The stress detection system can be further integrated with diverse physical activities to analyze their relationship with stress conditions. It can give more insights into the subjective measure as the activity and behavior patterns of each subject will be different for prior and post-stress events. As the literature suggests that stress is a concept that is highly subjective, the subject-dependent analysis can be carried out by categorizing the characteristics of the subjects to make personalized models for stress detection.

7 Conclusions

In this study, we proposed a new feature set LMM from longer time windows (60 s), and a decision-level fusion method VSBF, to improve the accuracy of stress detection from LSR wrist-worn devices. The LMM features are first applied to the dataset acquired from LSR wrist-worn devices in compliance with the workplace environment. We chose the wrist-worn device having HRV and GSR sensors for the data acquisition so that the study might deviate toward realization as people do not prefer to wear complex sensor arrangements in real-life or at workspaces. We have also conducted an in-depth analysis using different classification algorithms for the VSBF method which combines the output of two classifiers and performs a similarity measure to draw the final result. Both of these methods were employed in our soft real-time system. For the acquired dataset, the result was incomparable with other approaches since the publicly available datasets are acquired using HSR wearable devices. For validating our proposed method, we tested the LMM features and VSBF method on the driveDB dataset which is widely used for stress detection. Experimental results showed that our method can improve the detection accuracy up to 15.23% for the acquired dataset and 7.01% for the driveDB dataset, respectively. Our analysis proved that the proposed feature set and fusion method can help considerably in improving the detection accuracy of the system. The performance of the proposed feature set and fusion method was compared with the existing ones which used the same dataset.
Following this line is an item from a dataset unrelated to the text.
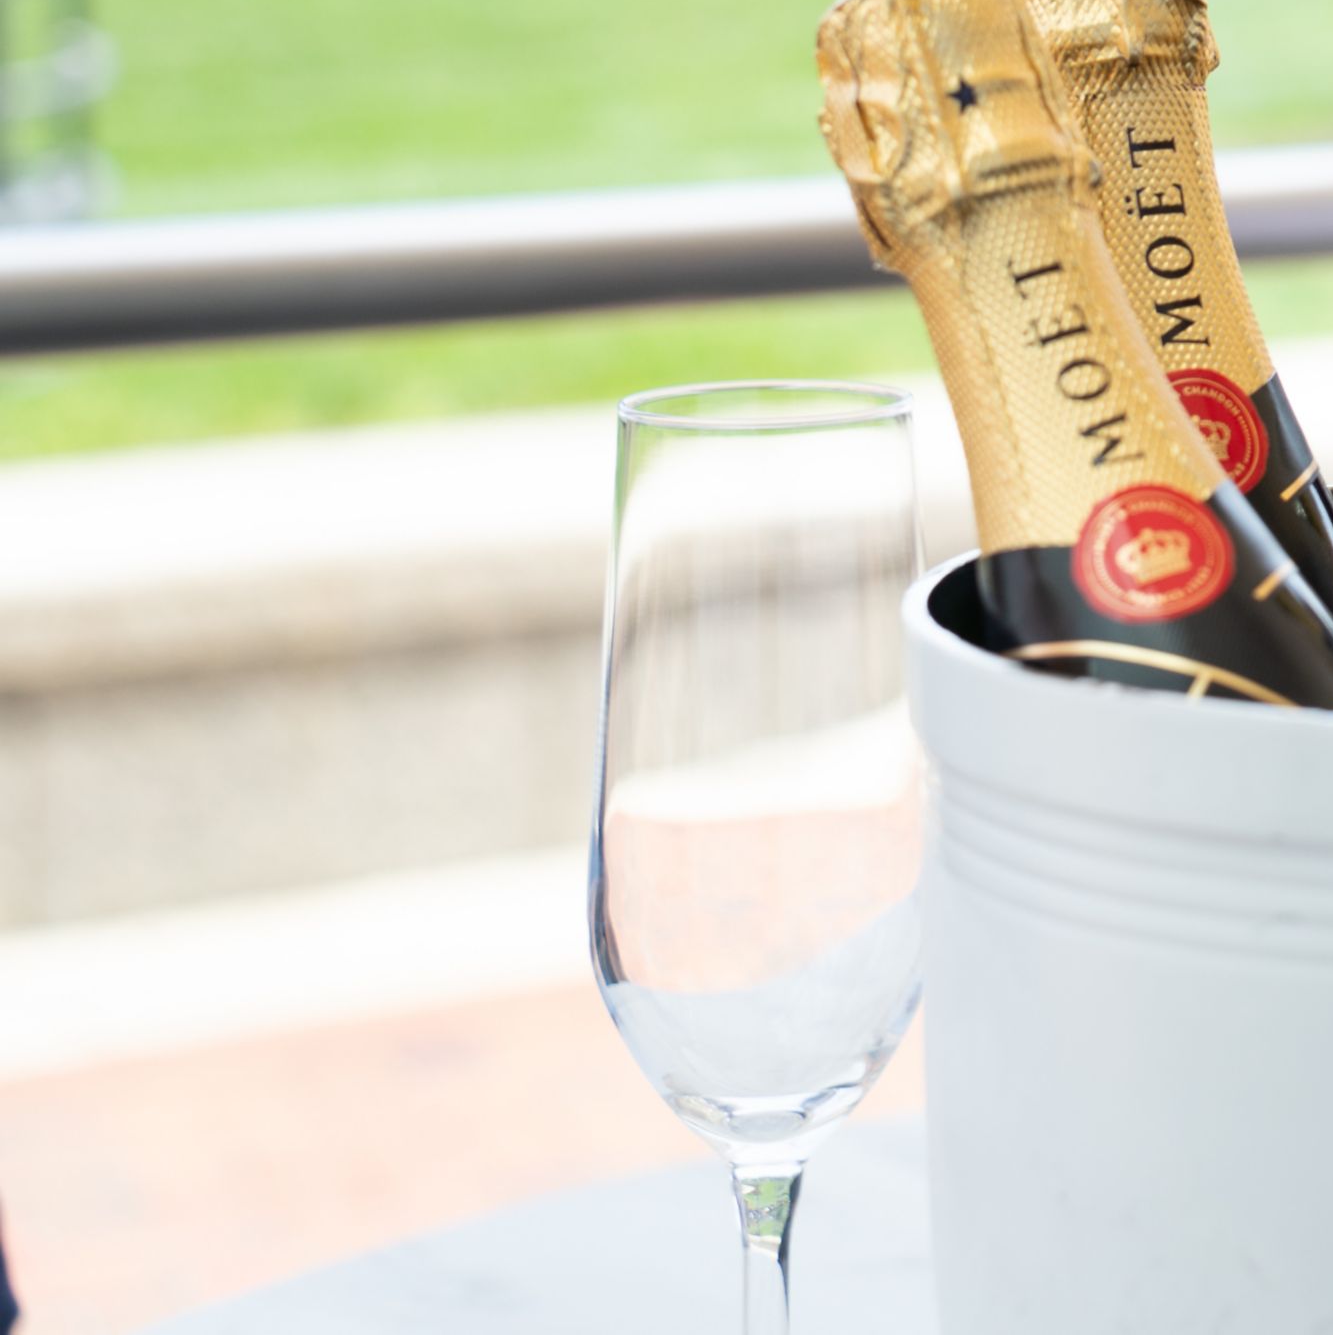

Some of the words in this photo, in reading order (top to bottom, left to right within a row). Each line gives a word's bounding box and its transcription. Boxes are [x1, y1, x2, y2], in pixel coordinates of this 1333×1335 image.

[1124, 127, 1210, 346] MOËT
[1007, 260, 1144, 467] MOËT
[1183, 385, 1240, 417] CHANDON
It revealed that the proposed method is capable of detecting stress with better accuracy by only employing ECG and GSR sensors only.
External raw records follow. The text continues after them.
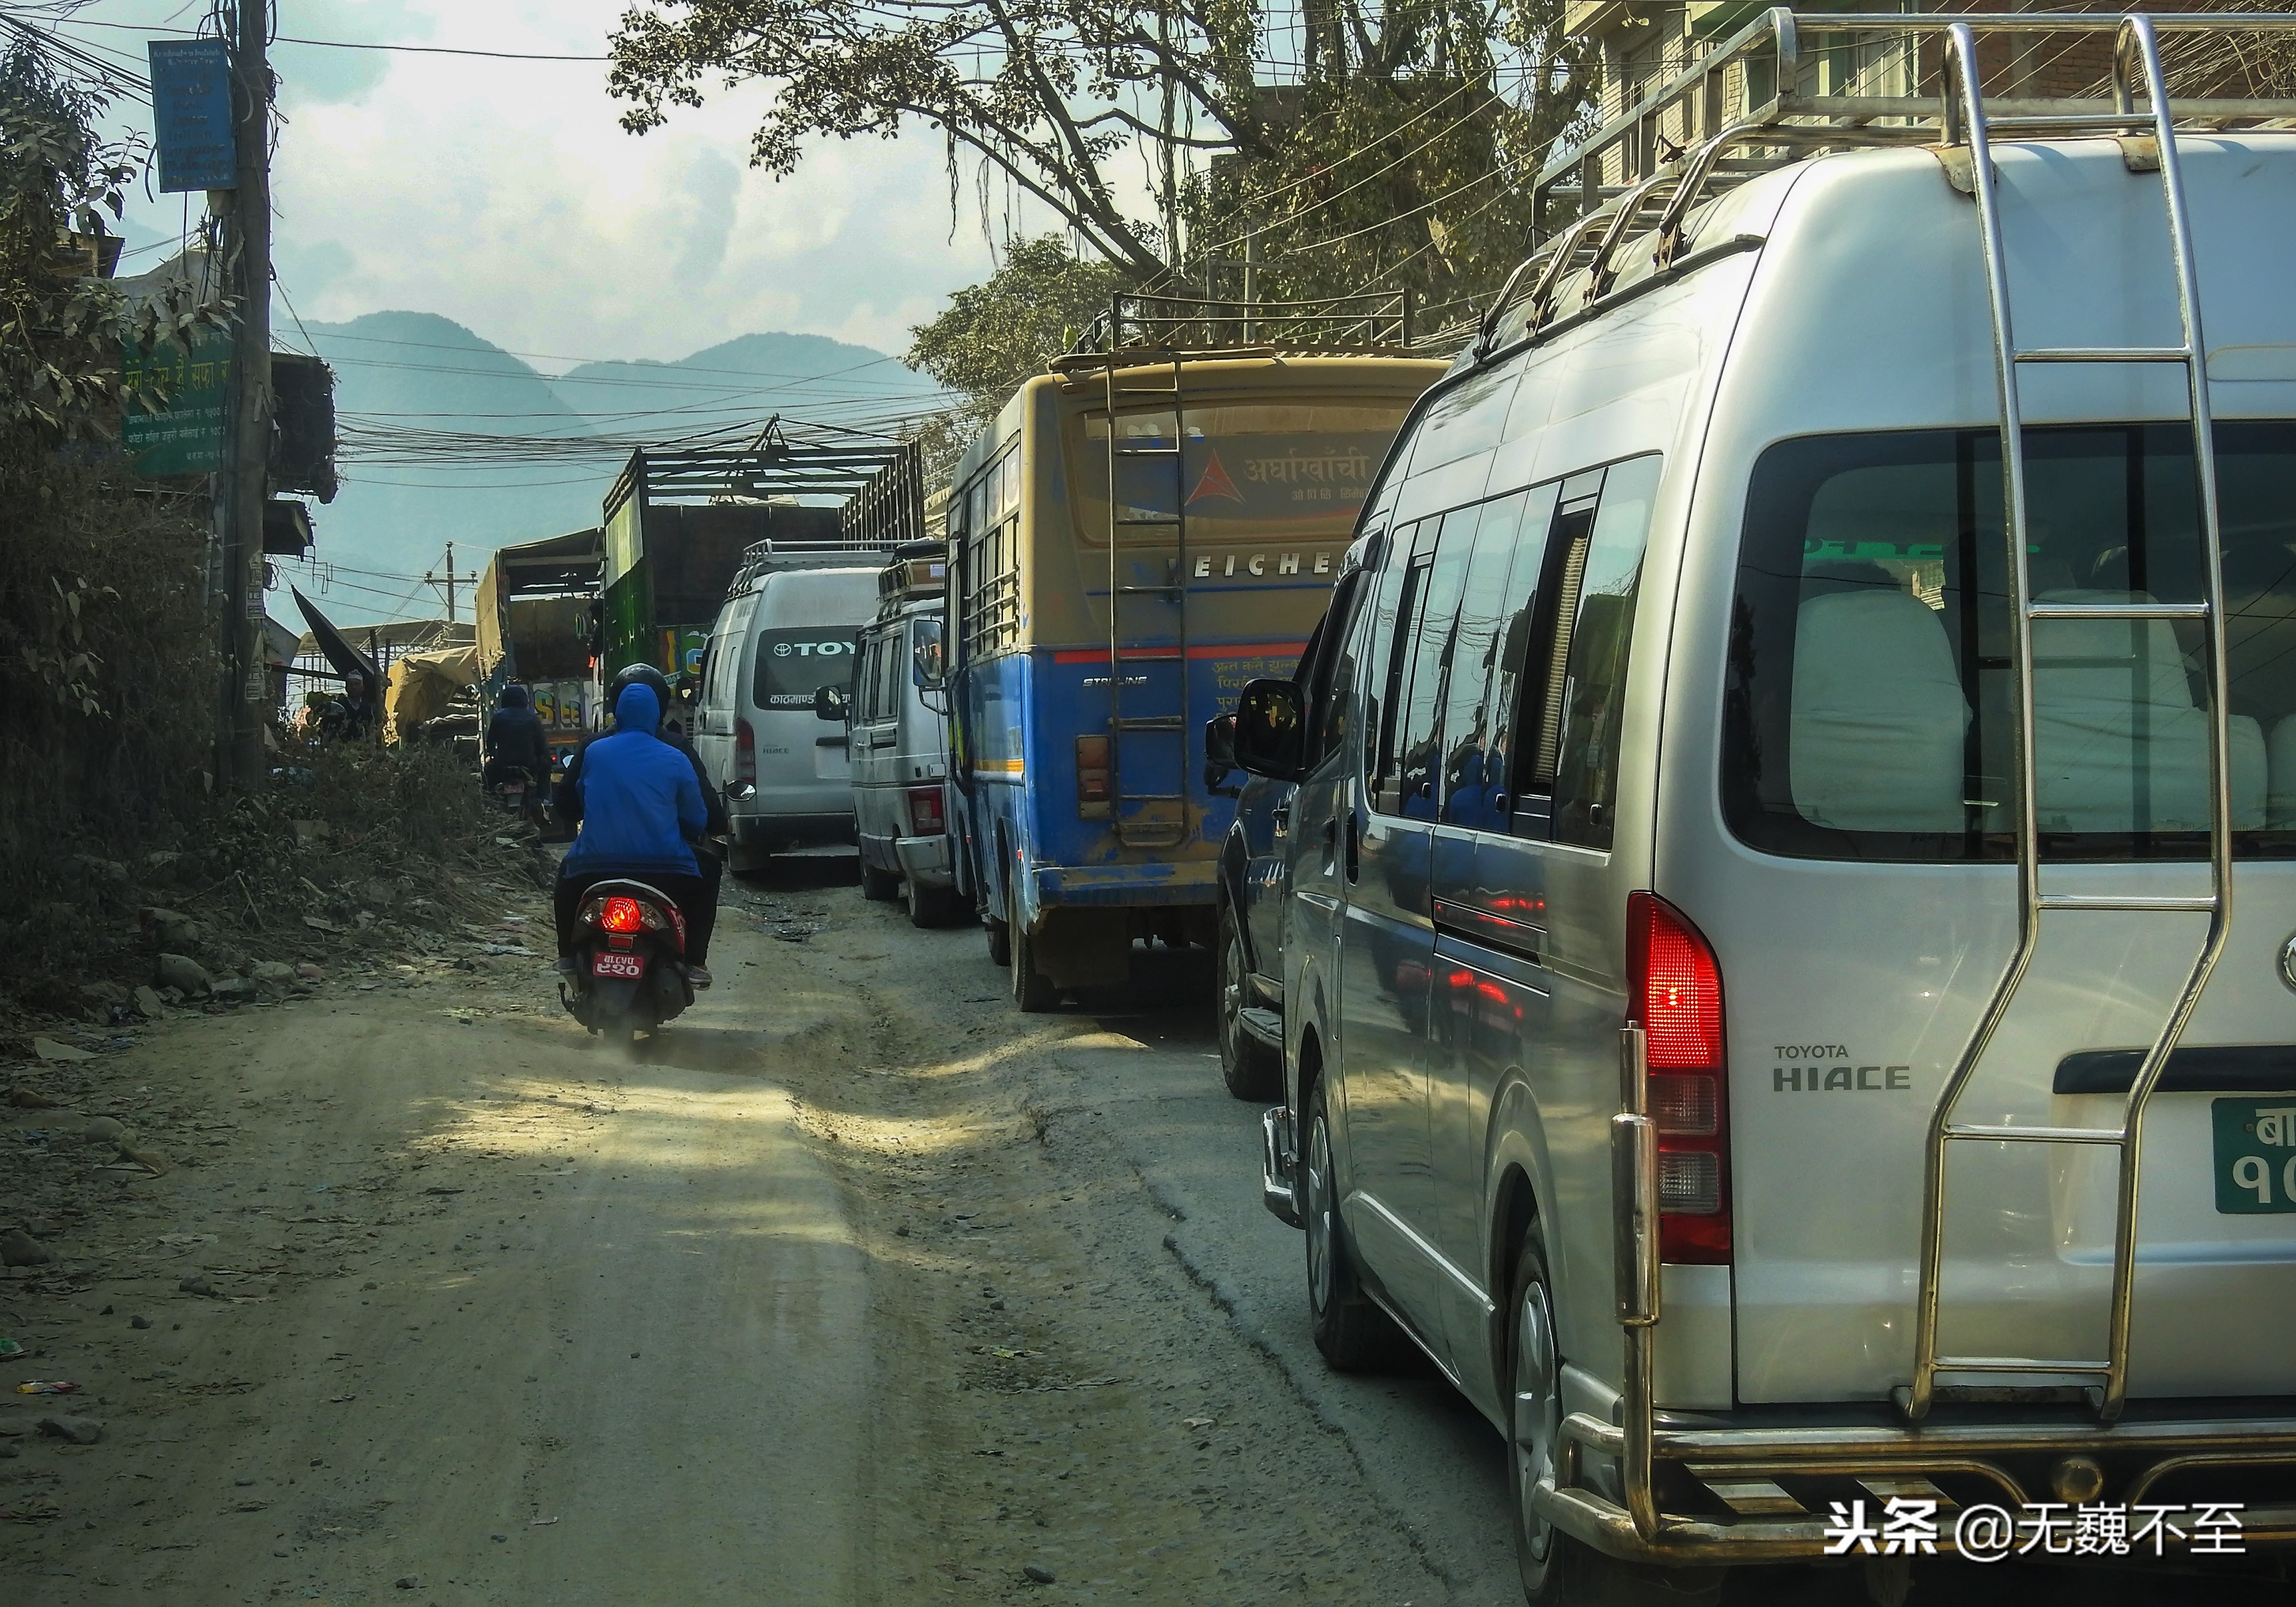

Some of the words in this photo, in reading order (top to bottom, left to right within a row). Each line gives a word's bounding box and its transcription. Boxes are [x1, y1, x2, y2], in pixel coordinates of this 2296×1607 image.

[1194, 552, 1330, 577] EICHE
[794, 642, 856, 656] TOY
[770, 692, 816, 704] काठमाण्ड
[1774, 1044, 1848, 1059] TOYOTA
[1773, 1066, 1910, 1091] HIACE
[2255, 1107, 2296, 1147] बा
Although the classification accuracies are not very high on the acquired dataset, they are quite promising by keeping in view that the stress was detected using LSR wrist-worn devices. Besides the stress detection used for evaluation purposes, our soft real-time system has the potential for giving insights into an individual’s behavior toward stress conditions. Our system can summarize the log of stress events on an hourly basis, providing details regarding the time of the day at which the person feels most stressed. These results can help to provide suggestions or recommendations to transit the stress state into a normal state. In addition, the battery and memory consumption analyses showed the efficiency of our soft real-time stress recognition system. In the future work, more analyses such as device energy consumption can be incorporated as the basis for further optimizing the system.